O país vive horas cruciais. O assalto conservador ao poder joga uma cartada de vida ou morte contra o relógio político. À medida em que apodrece a reputação de seus centuriões, resta-lhes abandonar qualquer veleidade que não a espiral de tentativas e erros para derrubar o governo. Se quiser resistir à resiliência golpista, a Presidenta Dilma – com apoio das forças progressistas– terá que falar à Nação
Por Saul Leblon, na Carta Maior
O país vive horas cruciais.

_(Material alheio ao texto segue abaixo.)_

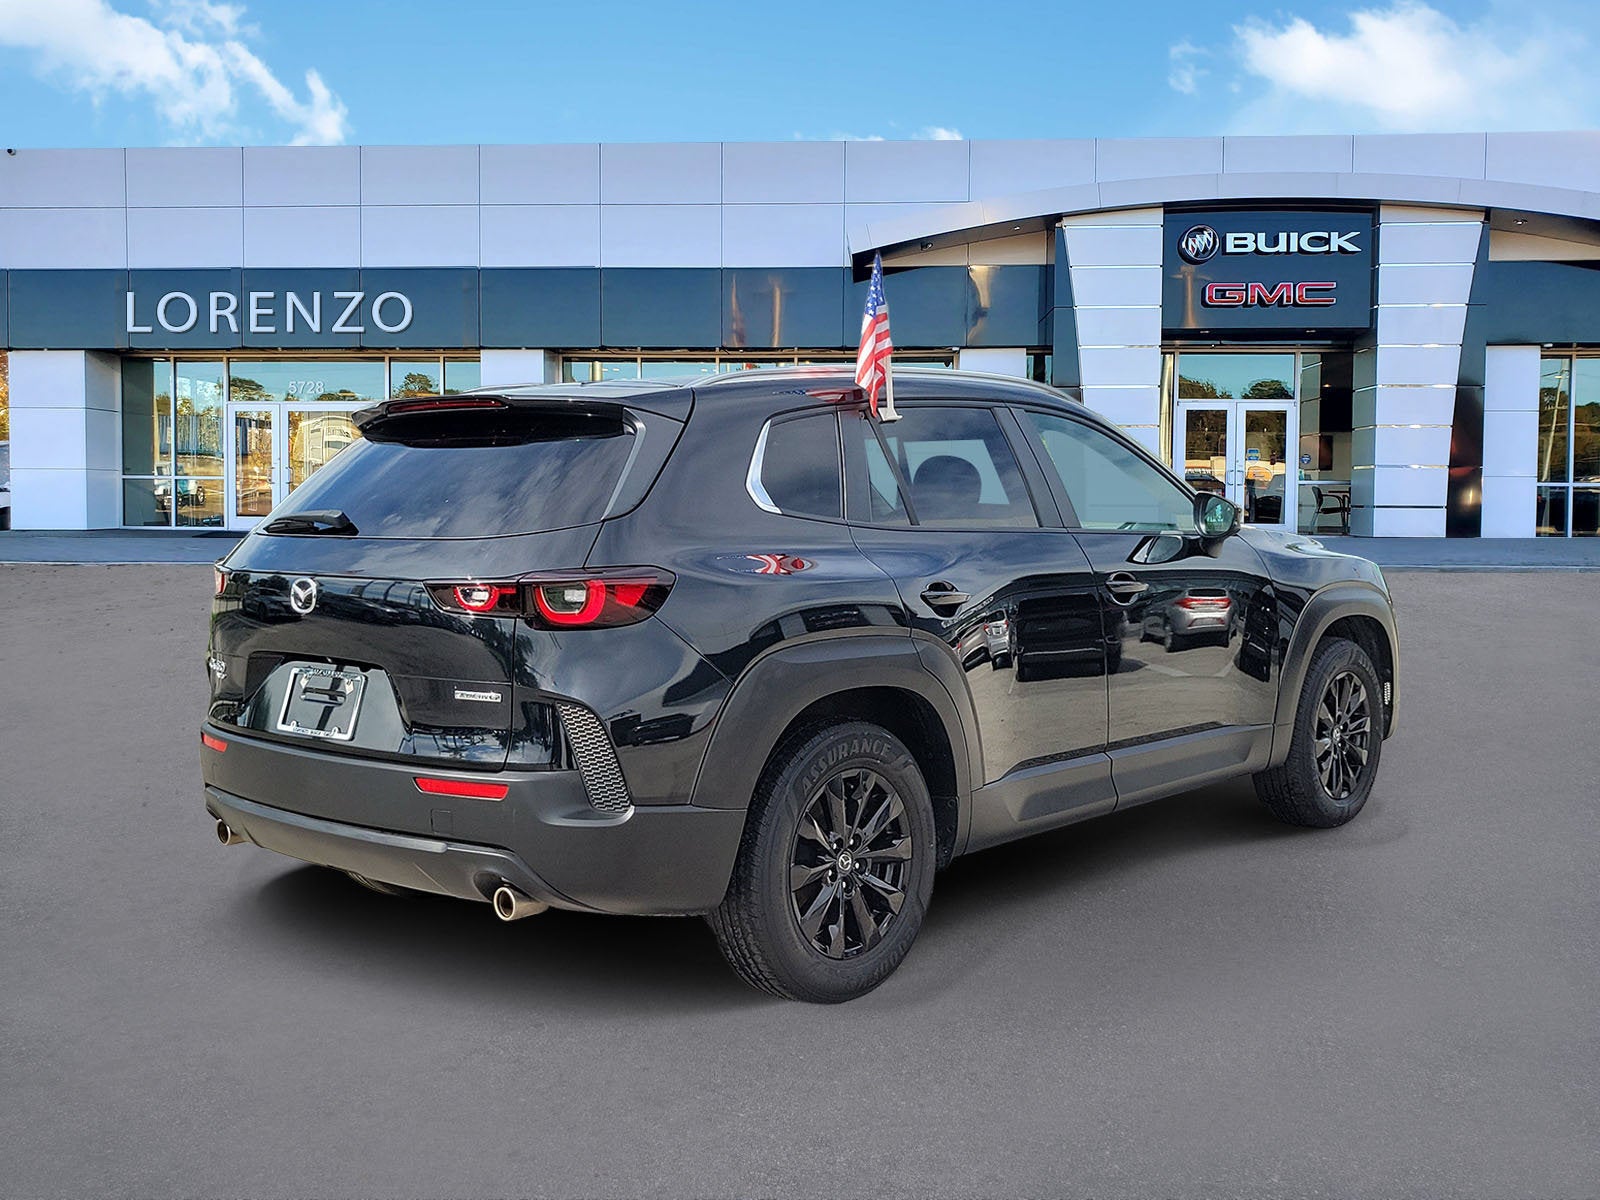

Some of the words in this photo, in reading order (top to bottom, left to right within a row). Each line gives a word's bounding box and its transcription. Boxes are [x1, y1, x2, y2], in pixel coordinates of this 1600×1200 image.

O assalto conservador ao poder joga uma cartada de vida ou morte contra o relógio político nos próximos dias.
À medida em que apodrece a reputação de seus centuriões, e os savorolas da ética entram em combustão explosiva –caso dos homens-tocha Cunha, Agripino, Nardes, Aéreo Neves etc, resta-lhes apostar tudo no estreito espaço de tempo entre a desmoralização absoluta e a capacidade residual de articular o golpe.
Arqueado sob R$ 31 milhões em depósitos suíços, segundo a Folha, Cunha negociou com a hesitação golpista: em troca do pescoço, articulou uma operação casada com o PSDB.

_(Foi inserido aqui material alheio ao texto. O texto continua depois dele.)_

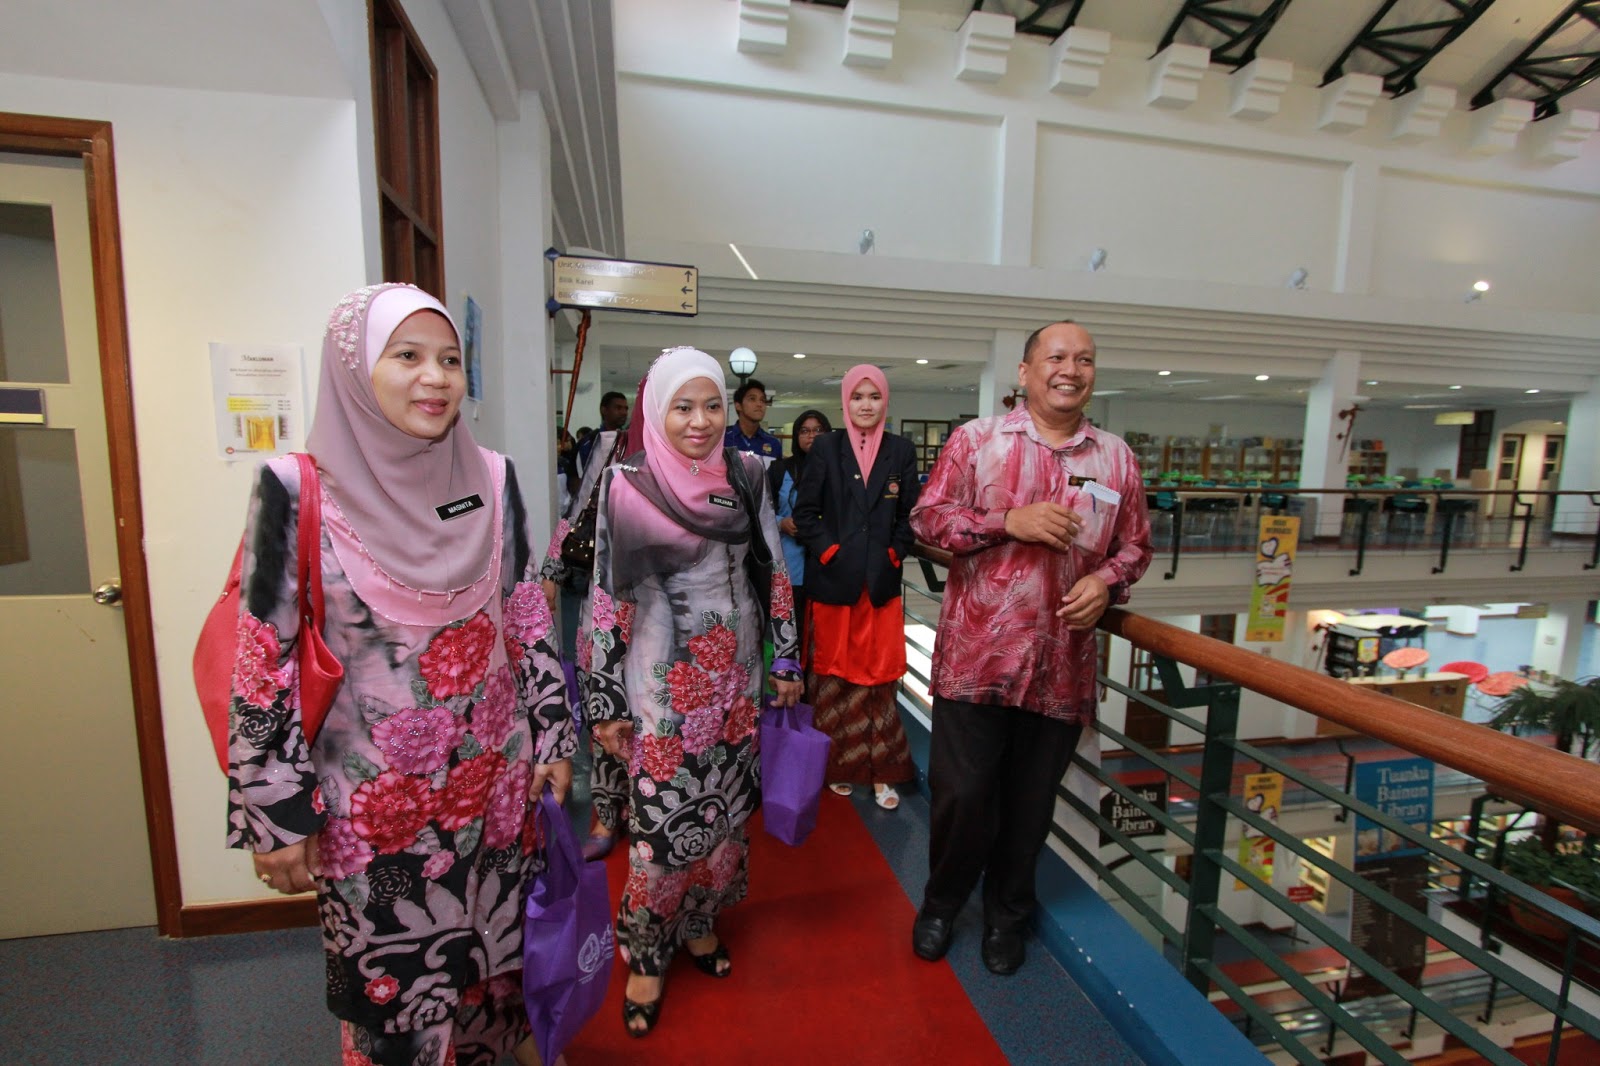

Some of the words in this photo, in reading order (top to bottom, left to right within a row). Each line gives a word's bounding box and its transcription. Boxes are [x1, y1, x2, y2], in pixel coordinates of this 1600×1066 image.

[1376, 766, 1429, 784] Tuanku
[1111, 789, 1158, 805] Tuku
[1377, 785, 1429, 802] Bainun
[1112, 805, 1147, 819] Bain

Tucanos salvam a aparência pedindo seu afastamento –‘para que possa exercer seu direito constitucional à ampla defesa’. Em troca, o personagem que não tem mais nada a perder acelera a operação do impeachment, como última estaca de sobrevivência antes do abismo.
A sofreguidão avança de faca na boca.
Um colunista de Veja é transferido para O Globo; estreia numa hora em que o golpismo se enlameia; a ‘república de Curitiba’ vaza para ele denúncia exclusiva do delator Fernando Baiano… contra filho de Lula.
Já serviu para deslocar a manchete de Cunha para o segundo plano na primeira página do isento veículo carioca.
Vai por aí a coisa.
Seja qual for o seu desfecho, a encruzilhada em que o golpismo trata a democracia como um estorvo exige respostas contundentes.
Passa da hora de o campo progressista superar sectarismos e prioridades corporativas para enxergar a floresta além da clareira particular do seu conforto.
O que se desenha são as provas cruciais da nação brasileira no século XXI.
É imperioso manter o país a salvo de forças incontroláveis que atrelaram seu destino a uma disjuntiva em que, para vencerem, a sociedade terá que perder o rumo, o futuro e a esperança.
Se pensar pequeno, o Brasil corre o risco de ser sequestrado pelo moedor sem termo.
A sorte de sua gente, o destino do seu desenvolvimento enfrentam uma sobreposição de crises cujo desfecho terá repercussões profundas e duradouras.
Um ciclo de expansão se esgotou, um outro pede para nascer.
Pendências novas e antigas se misturam em meio a um cenário mundial adverso.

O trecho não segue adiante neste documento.